While preferred embodiments of the invention have been described using specific terms, such description is for illustrative purposes only, and it is to be understood that changes and variations may be made without departing from the spirit or scope of the following claims.

Claims

1. A snap hook for an animal leash, comprising:

a main body including a base, a tip portion positioned opposite to the base, a side face, and a forked portion extending from the base and positioned adjacent to the tip portion, the forked portion having a first prong and a second prong, the first and second prongs defining an opening therebetween for accepting an object;

a slidable hook formed in a shape of letter C and encased in the main body in a manner where the slidable hook can be rotatable back and forth, the slidable hook including a connection part for closing the opening and for accepting the object, the slidable hook including an operating part exposed from the side face for moving the slidable hook backward by an externally applied force;

a ring rotatably connected to the base on an axis; and

a spring for biasing the slidable hook toward the second prong to close the opening, the opening being opened when the biased connection part is moved from the second prong to the first prong, and the operating part being movable against the biasing force of the spring to rotate the slidable hook toward a position where the accepted object will be released therefrom.

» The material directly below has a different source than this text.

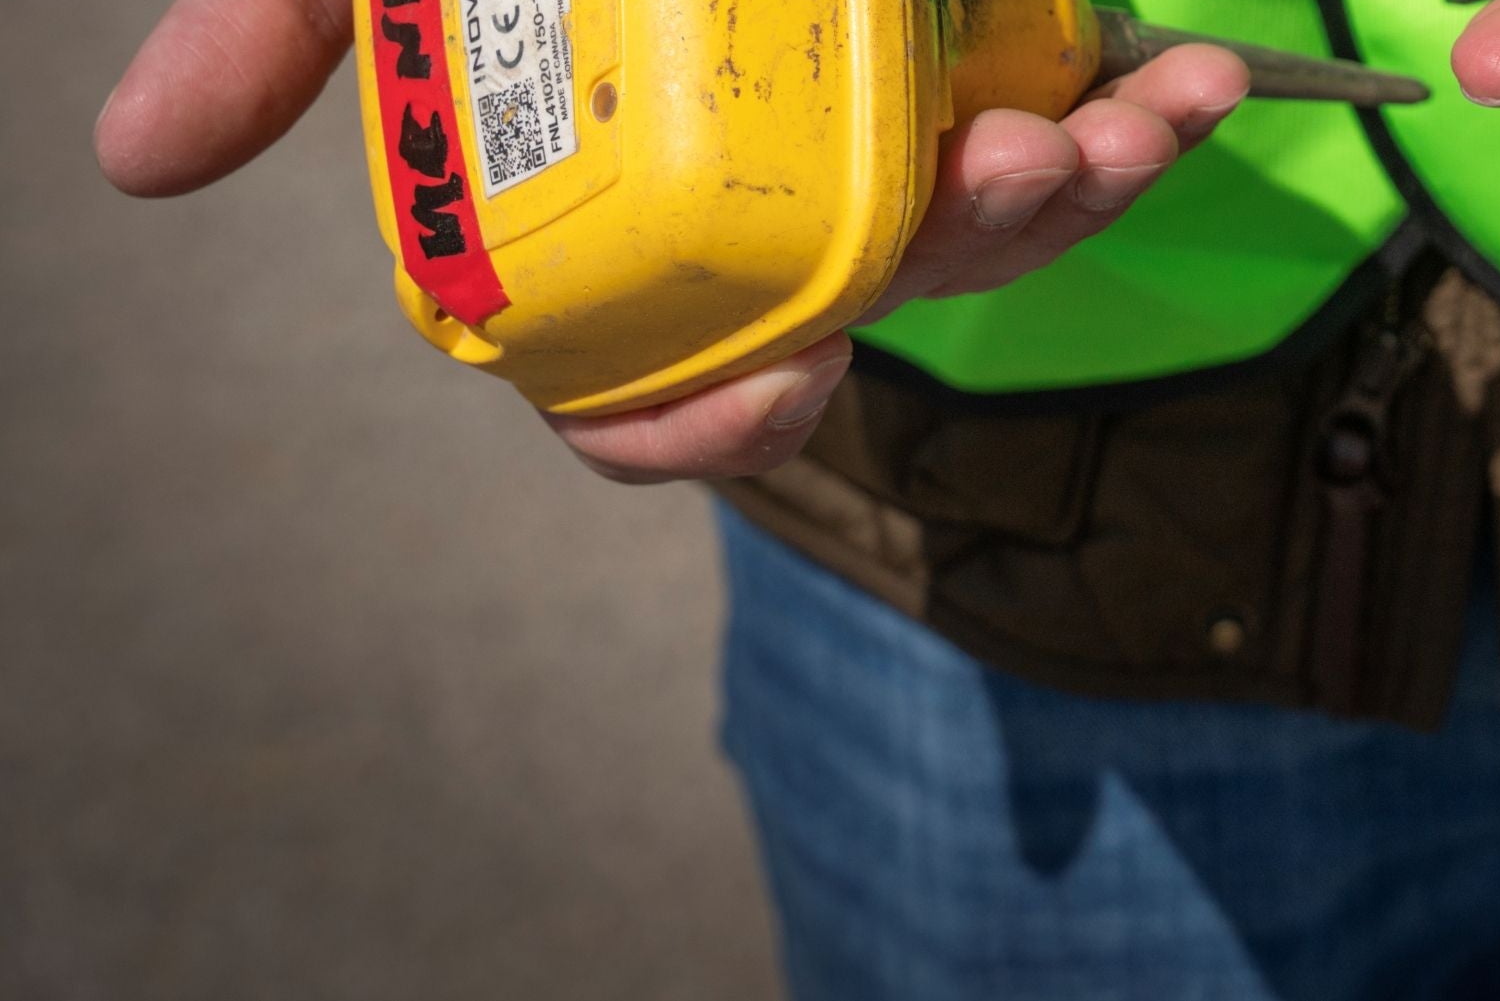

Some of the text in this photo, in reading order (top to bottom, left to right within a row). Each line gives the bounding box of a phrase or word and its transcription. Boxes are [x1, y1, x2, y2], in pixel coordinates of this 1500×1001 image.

[539, 58, 562, 153] FNL41020
[549, 21, 568, 121] MADE IN CANADA

2. The snap hook for an animal leash according to claim 1, wherein the operating part is composed of an outer side face of the slidable hook, the outer side face projecting from the side face of the main body.

3. The snap hook for an animal leash according to claim 1, wherein he second prong is proved a recess in which the connection part is plugged to close the opening.

4. The snap hook for an animal leash according to claim 1, wherein the main body is fabricated by coupling two half shell bodies and is provided with a path extending therein for accommodating the slidable hook and the spring, and the slidable hook rotates back and forth in the path.